Licznik Geigera

50 lat minęło…

Stela "Prypeć 1970". Fot. Karolina Prusińska
Stela "Prypeć 1970". Fot. Karolina Prusińska

„Pięćdziesiąt lat minęło jak jeden dzień…” – tak parafrazując piosenkę Andrzeja Rosiewicza możemy zaśpiewać Prypeci. 4 lutego będziemy obchodzić 50. rocznicę założenia miasta satelickiego elektrowni jądrowej w Czarnobylu.

Historia Prypeci nierozerwalnie łączy się z historią najmłodszego i ostatniego miasta ZSRR – Sławutycza. Z tej okazji Rada Miasta Sławutycza i firma Chernobyl Tour organizują wyjątkową wyprawę dla sławutyczan. Dokładnie 4 lutego odbędzie się wycieczka pt. „Prypeć – miasto mojego dzieciństwa”.
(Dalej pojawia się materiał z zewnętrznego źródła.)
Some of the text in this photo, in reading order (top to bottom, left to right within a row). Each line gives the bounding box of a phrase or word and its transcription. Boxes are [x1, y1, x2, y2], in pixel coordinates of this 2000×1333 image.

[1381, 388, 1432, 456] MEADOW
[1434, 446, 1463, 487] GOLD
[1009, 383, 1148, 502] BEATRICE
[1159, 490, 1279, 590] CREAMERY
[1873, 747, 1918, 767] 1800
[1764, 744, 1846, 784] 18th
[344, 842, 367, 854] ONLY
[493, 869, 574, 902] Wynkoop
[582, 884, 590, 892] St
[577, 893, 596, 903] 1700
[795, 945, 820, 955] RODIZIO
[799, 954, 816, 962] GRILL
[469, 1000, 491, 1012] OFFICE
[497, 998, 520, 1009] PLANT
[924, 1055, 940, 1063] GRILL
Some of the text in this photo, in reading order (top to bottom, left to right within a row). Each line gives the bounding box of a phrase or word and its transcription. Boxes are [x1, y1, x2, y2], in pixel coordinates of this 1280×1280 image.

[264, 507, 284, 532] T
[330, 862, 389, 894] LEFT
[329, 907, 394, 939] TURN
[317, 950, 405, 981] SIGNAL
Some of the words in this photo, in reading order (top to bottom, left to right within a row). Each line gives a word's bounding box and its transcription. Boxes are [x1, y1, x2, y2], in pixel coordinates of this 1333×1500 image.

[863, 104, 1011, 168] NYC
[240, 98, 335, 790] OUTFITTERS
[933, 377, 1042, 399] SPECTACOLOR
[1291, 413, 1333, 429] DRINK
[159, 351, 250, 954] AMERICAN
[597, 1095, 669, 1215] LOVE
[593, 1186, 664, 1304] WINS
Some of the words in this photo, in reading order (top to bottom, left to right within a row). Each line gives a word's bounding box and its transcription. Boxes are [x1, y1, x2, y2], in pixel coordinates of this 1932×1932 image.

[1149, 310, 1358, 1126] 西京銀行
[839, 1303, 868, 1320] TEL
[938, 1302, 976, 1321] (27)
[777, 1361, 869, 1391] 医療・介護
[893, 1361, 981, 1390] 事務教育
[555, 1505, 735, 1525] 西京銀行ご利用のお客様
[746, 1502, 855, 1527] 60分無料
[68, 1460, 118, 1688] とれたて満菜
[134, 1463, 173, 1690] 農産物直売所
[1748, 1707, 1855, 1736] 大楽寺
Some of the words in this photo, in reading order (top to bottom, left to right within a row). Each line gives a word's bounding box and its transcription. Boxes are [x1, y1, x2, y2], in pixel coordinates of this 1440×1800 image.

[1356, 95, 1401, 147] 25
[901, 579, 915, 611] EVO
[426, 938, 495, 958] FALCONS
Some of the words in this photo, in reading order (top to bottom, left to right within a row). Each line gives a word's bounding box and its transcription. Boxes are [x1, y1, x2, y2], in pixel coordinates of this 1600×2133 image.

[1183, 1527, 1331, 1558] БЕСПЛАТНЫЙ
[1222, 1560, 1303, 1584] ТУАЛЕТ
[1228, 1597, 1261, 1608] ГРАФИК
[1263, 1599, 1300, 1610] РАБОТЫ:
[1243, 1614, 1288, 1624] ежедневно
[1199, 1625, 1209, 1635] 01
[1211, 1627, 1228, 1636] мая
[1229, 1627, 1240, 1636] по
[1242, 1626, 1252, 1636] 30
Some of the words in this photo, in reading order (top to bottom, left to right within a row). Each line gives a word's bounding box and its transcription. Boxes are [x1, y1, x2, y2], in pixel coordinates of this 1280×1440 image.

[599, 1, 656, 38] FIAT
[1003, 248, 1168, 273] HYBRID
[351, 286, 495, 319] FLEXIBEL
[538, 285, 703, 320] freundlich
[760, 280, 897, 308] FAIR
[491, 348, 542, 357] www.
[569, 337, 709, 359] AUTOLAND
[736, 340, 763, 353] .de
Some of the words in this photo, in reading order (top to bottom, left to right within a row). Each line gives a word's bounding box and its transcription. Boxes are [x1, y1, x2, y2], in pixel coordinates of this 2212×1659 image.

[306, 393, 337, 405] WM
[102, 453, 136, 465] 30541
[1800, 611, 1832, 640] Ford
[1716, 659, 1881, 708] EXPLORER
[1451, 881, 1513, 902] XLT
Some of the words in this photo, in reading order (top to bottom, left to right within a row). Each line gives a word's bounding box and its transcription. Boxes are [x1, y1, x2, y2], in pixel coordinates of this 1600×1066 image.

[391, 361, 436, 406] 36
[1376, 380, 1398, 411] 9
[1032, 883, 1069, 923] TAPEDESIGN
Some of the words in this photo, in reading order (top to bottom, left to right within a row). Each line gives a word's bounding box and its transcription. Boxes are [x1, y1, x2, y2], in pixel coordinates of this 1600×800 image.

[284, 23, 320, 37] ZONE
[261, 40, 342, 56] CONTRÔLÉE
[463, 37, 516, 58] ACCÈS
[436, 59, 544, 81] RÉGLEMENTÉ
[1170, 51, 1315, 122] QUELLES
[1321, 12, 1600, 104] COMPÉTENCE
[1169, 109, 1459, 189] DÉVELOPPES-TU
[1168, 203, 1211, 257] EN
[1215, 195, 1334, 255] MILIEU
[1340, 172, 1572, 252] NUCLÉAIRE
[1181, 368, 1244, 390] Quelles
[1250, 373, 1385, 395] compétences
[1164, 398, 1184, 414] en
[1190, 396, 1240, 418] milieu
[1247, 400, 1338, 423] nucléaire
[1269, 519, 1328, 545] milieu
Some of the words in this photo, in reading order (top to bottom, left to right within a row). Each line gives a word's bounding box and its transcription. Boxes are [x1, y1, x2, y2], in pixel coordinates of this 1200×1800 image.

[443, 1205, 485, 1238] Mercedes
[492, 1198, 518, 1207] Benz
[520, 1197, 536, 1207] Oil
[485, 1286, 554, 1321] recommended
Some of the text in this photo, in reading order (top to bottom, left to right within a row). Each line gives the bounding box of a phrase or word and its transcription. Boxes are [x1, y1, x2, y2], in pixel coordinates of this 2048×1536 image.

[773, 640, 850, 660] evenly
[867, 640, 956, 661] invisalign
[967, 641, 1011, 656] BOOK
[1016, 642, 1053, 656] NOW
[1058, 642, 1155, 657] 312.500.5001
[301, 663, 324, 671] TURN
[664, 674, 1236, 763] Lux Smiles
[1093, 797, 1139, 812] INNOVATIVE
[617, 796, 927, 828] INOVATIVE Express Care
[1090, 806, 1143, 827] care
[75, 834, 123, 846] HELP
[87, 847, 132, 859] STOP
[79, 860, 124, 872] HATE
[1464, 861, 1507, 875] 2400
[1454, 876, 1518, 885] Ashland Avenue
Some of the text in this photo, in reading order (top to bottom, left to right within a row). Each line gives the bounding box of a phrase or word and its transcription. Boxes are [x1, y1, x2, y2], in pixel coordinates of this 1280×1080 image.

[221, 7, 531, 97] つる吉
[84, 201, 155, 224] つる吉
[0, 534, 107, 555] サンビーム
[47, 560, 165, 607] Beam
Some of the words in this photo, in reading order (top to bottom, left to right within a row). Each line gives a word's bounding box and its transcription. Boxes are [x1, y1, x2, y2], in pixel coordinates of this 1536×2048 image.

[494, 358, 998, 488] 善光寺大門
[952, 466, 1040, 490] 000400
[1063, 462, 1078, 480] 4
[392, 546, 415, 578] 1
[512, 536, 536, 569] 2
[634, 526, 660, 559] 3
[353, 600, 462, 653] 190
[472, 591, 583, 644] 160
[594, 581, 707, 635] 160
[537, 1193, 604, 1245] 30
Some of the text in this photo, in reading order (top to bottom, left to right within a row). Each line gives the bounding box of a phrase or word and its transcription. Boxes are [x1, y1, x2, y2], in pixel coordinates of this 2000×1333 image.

Wyprawa jest dostępna tylko i wyłącznie dla osób, które były związane z Prypecią – tam się urodziły, mieszkały lub pracowały.

To już kolejna tego typu nietypowa akcja firmy Chernobyl Tour. Pod koniec ubiegłego roku przewodnicy i byli mieszkańcy Prypeci ubrali w centrum miasta świąteczną choinkę. Stało się to po raz pierwszy od czasu awarii z 1986 r. Na drzewku pojawiły się bombki, a także zabawki, zegarki i stare rodzinne fotografie.

„Wszystko, co można uratować”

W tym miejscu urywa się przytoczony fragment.